[Task goal]
Without any of the pictures, print every record below exactly.

[Information supplied]

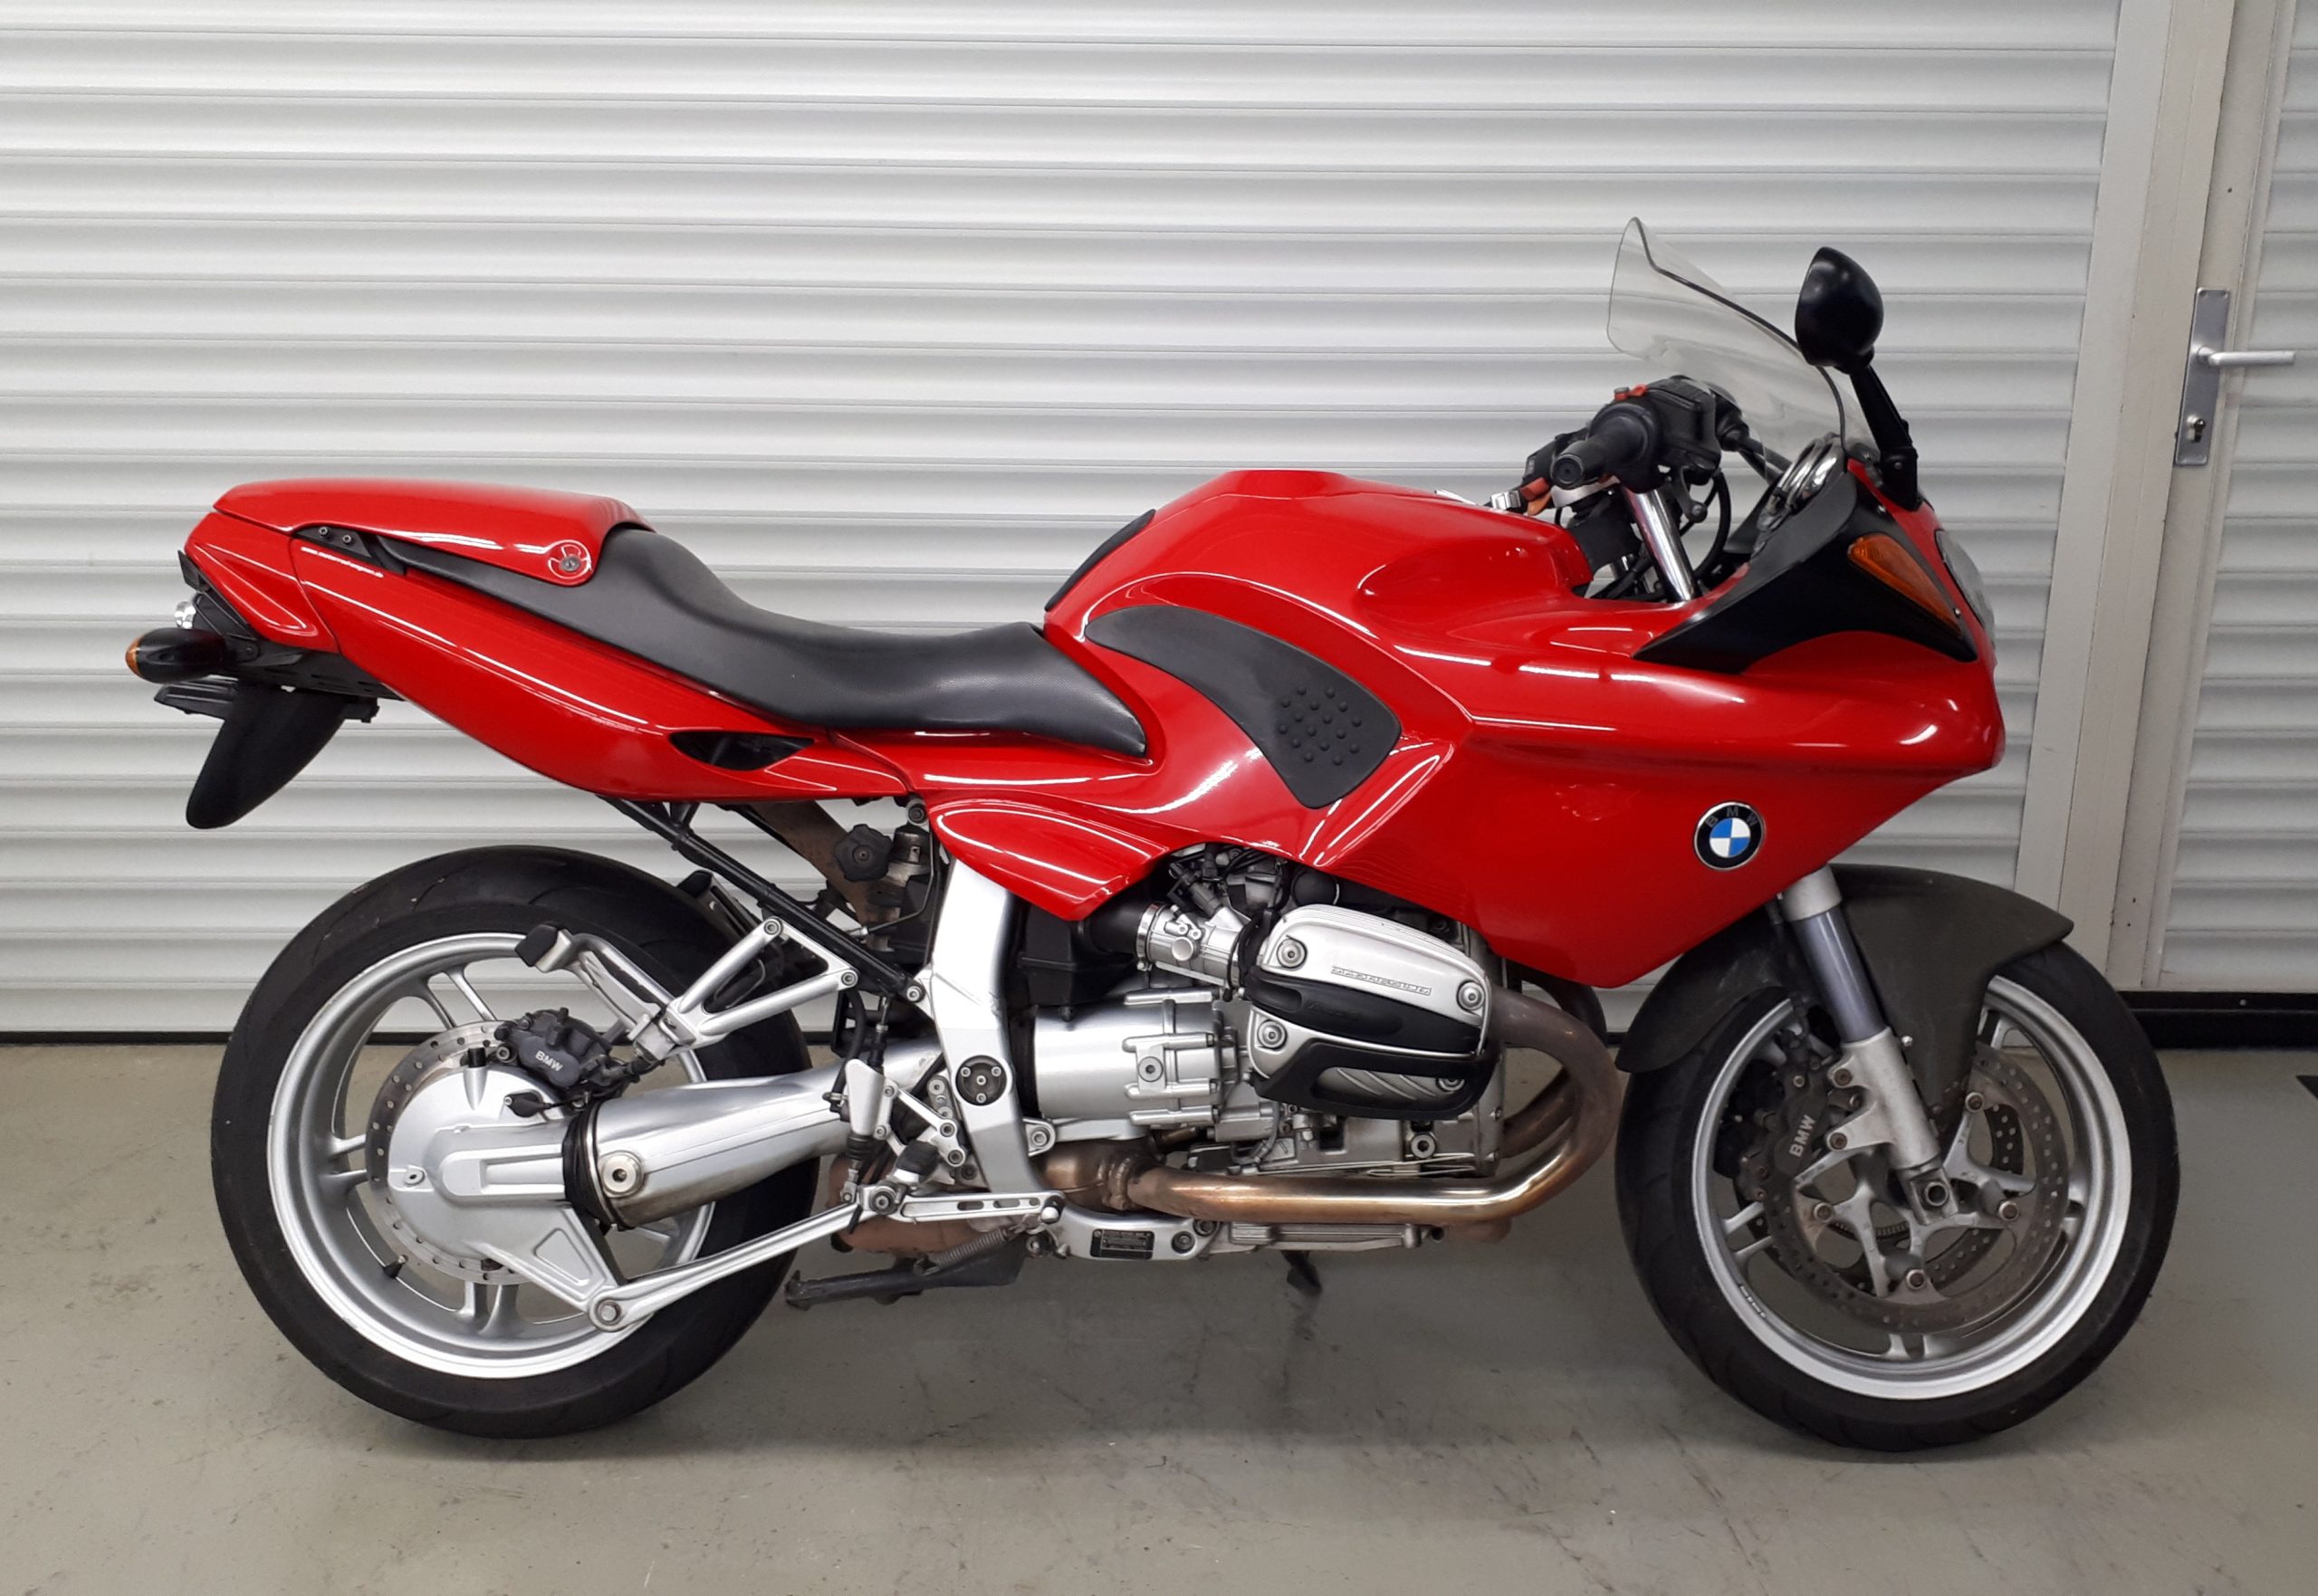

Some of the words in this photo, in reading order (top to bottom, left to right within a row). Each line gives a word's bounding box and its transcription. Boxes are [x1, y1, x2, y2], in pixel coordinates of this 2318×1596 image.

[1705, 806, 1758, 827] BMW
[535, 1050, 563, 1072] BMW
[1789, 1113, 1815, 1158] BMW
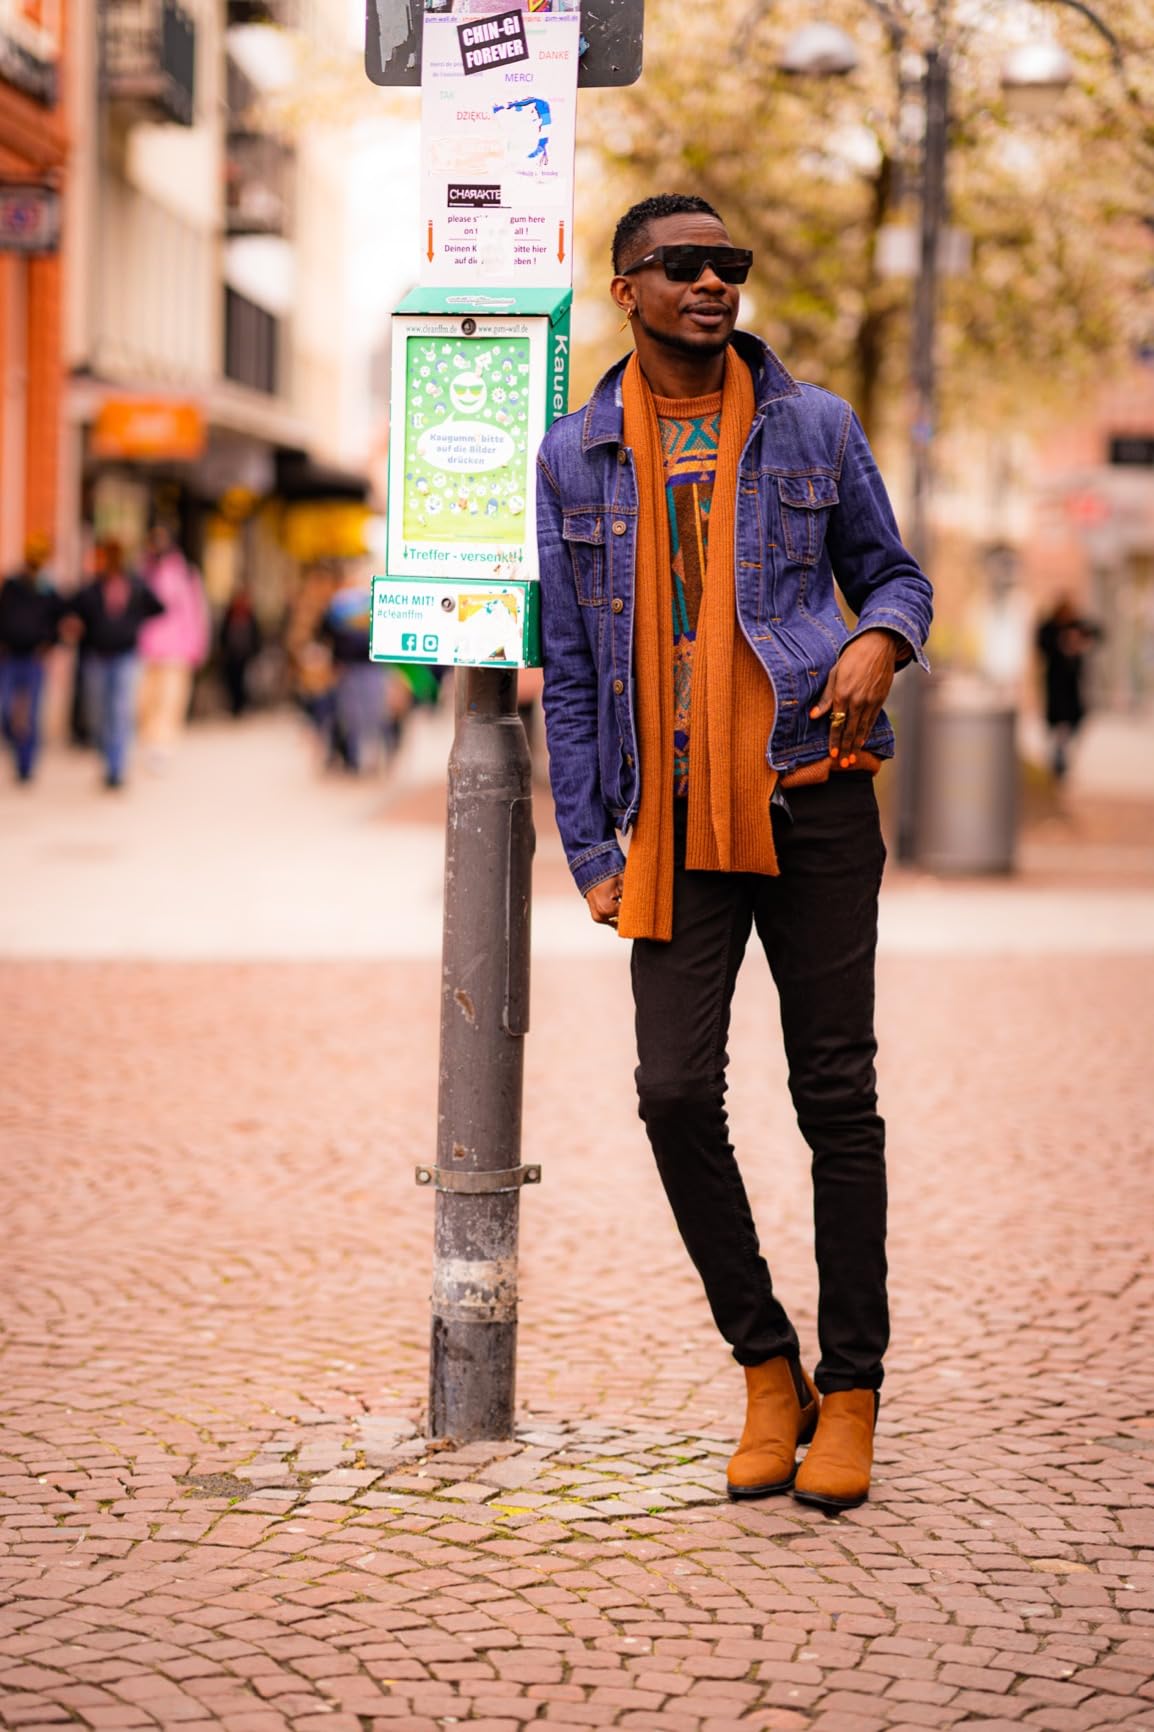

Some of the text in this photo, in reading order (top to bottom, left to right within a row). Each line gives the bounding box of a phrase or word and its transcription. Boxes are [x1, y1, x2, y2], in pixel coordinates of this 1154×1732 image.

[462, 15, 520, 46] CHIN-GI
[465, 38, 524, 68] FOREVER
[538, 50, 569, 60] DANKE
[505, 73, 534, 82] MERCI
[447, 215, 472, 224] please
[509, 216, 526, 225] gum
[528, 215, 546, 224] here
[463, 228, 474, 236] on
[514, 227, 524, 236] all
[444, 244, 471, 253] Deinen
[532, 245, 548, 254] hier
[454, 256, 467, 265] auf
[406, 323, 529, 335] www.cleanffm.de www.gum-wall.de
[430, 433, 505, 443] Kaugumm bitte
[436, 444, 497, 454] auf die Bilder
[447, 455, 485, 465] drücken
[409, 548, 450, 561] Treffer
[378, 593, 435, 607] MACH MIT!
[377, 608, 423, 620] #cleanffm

[Worked solution]
Some of the words in this photo, in reading order (top to bottom, left to right within a row). Each line gives a word's bounding box and its transcription. Boxes are [x1, y1, x2, y2], in pixel coordinates of this 2318×1596 image.

[1705, 806, 1758, 827] BMW
[535, 1050, 563, 1072] BMW
[1789, 1113, 1815, 1158] BMW

Some of the text in this photo, in reading order (top to bottom, left to right within a row). Each line gives the bounding box of a phrase or word and its transcription. Boxes are [x1, y1, x2, y2], in pixel coordinates of this 1154×1732 image.

[462, 15, 520, 46] CHIN-GI
[465, 38, 524, 68] FOREVER
[538, 50, 569, 60] DANKE
[505, 73, 534, 82] MERCI
[447, 215, 472, 224] please
[509, 216, 526, 225] gum
[528, 215, 546, 224] here
[463, 228, 474, 236] on
[514, 227, 524, 236] all
[444, 244, 471, 253] Deinen
[532, 245, 548, 254] hier
[454, 256, 467, 265] auf
[406, 323, 529, 335] www.cleanffm.de www.gum-wall.de
[430, 433, 505, 443] Kaugumm bitte
[436, 444, 497, 454] auf die Bilder
[447, 455, 485, 465] drücken
[409, 548, 450, 561] Treffer
[378, 593, 435, 607] MACH MIT!
[377, 608, 423, 620] #cleanffm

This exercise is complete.